**Source material:**
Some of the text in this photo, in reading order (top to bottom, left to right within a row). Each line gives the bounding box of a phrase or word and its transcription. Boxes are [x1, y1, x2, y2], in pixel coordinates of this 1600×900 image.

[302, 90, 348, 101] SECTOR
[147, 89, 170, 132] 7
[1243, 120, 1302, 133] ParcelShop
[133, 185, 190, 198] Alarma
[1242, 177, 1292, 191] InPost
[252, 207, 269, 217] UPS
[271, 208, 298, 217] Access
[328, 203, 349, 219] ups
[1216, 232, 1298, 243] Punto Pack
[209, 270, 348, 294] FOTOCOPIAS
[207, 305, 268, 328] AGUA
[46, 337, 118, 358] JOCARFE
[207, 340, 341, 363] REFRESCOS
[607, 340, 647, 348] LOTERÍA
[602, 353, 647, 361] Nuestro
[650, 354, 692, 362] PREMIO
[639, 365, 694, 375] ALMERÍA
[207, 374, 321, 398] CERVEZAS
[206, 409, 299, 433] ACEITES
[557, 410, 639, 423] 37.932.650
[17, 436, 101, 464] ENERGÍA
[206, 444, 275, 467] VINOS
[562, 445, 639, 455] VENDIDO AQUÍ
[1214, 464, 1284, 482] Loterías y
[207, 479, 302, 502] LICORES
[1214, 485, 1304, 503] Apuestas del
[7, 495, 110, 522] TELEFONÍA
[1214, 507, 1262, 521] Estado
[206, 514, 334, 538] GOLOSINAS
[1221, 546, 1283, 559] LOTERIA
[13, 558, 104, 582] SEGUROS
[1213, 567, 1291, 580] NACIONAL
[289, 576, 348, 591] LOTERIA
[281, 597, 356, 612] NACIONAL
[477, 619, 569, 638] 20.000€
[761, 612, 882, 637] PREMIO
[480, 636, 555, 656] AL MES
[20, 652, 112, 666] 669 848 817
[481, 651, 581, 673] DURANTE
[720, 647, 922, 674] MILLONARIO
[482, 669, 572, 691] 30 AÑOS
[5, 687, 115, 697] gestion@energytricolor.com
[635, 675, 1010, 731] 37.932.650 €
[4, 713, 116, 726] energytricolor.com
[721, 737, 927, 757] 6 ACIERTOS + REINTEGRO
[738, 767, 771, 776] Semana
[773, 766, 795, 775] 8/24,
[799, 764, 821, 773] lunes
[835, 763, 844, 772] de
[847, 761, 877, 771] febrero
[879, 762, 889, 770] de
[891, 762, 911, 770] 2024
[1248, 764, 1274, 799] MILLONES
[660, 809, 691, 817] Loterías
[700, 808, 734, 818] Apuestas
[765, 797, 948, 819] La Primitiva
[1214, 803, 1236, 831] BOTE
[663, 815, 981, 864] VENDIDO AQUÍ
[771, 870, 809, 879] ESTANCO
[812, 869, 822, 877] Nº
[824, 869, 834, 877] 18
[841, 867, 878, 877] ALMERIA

**Exercise:** Your answer must be an exact transcription of every record above.

**Result of the exercise:**
Some of the text in this photo, in reading order (top to bottom, left to right within a row). Each line gives the bounding box of a phrase or word and its transcription. Boxes are [x1, y1, x2, y2], in pixel coordinates of this 1600×900 image.

[302, 90, 348, 101] SECTOR
[147, 89, 170, 132] 7
[1243, 120, 1302, 133] ParcelShop
[133, 185, 190, 198] Alarma
[1242, 177, 1292, 191] InPost
[252, 207, 269, 217] UPS
[271, 208, 298, 217] Access
[328, 203, 349, 219] ups
[1216, 232, 1298, 243] Punto Pack
[209, 270, 348, 294] FOTOCOPIAS
[207, 305, 268, 328] AGUA
[46, 337, 118, 358] JOCARFE
[207, 340, 341, 363] REFRESCOS
[607, 340, 647, 348] LOTERÍA
[602, 353, 647, 361] Nuestro
[650, 354, 692, 362] PREMIO
[639, 365, 694, 375] ALMERÍA
[207, 374, 321, 398] CERVEZAS
[206, 409, 299, 433] ACEITES
[557, 410, 639, 423] 37.932.650
[17, 436, 101, 464] ENERGÍA
[206, 444, 275, 467] VINOS
[562, 445, 639, 455] VENDIDO AQUÍ
[1214, 464, 1284, 482] Loterías y
[207, 479, 302, 502] LICORES
[1214, 485, 1304, 503] Apuestas del
[7, 495, 110, 522] TELEFONÍA
[1214, 507, 1262, 521] Estado
[206, 514, 334, 538] GOLOSINAS
[1221, 546, 1283, 559] LOTERIA
[13, 558, 104, 582] SEGUROS
[1213, 567, 1291, 580] NACIONAL
[289, 576, 348, 591] LOTERIA
[281, 597, 356, 612] NACIONAL
[477, 619, 569, 638] 20.000€
[761, 612, 882, 637] PREMIO
[480, 636, 555, 656] AL MES
[20, 652, 112, 666] 669 848 817
[481, 651, 581, 673] DURANTE
[720, 647, 922, 674] MILLONARIO
[482, 669, 572, 691] 30 AÑOS
[5, 687, 115, 697] gestion@energytricolor.com
[635, 675, 1010, 731] 37.932.650 €
[4, 713, 116, 726] energytricolor.com
[721, 737, 927, 757] 6 ACIERTOS + REINTEGRO
[738, 767, 771, 776] Semana
[773, 766, 795, 775] 8/24,
[799, 764, 821, 773] lunes
[835, 763, 844, 772] de
[847, 761, 877, 771] febrero
[879, 762, 889, 770] de
[891, 762, 911, 770] 2024
[1248, 764, 1274, 799] MILLONES
[660, 809, 691, 817] Loterías
[700, 808, 734, 818] Apuestas
[765, 797, 948, 819] La Primitiva
[1214, 803, 1236, 831] BOTE
[663, 815, 981, 864] VENDIDO AQUÍ
[771, 870, 809, 879] ESTANCO
[812, 869, 822, 877] Nº
[824, 869, 834, 877] 18
[841, 867, 878, 877] ALMERIA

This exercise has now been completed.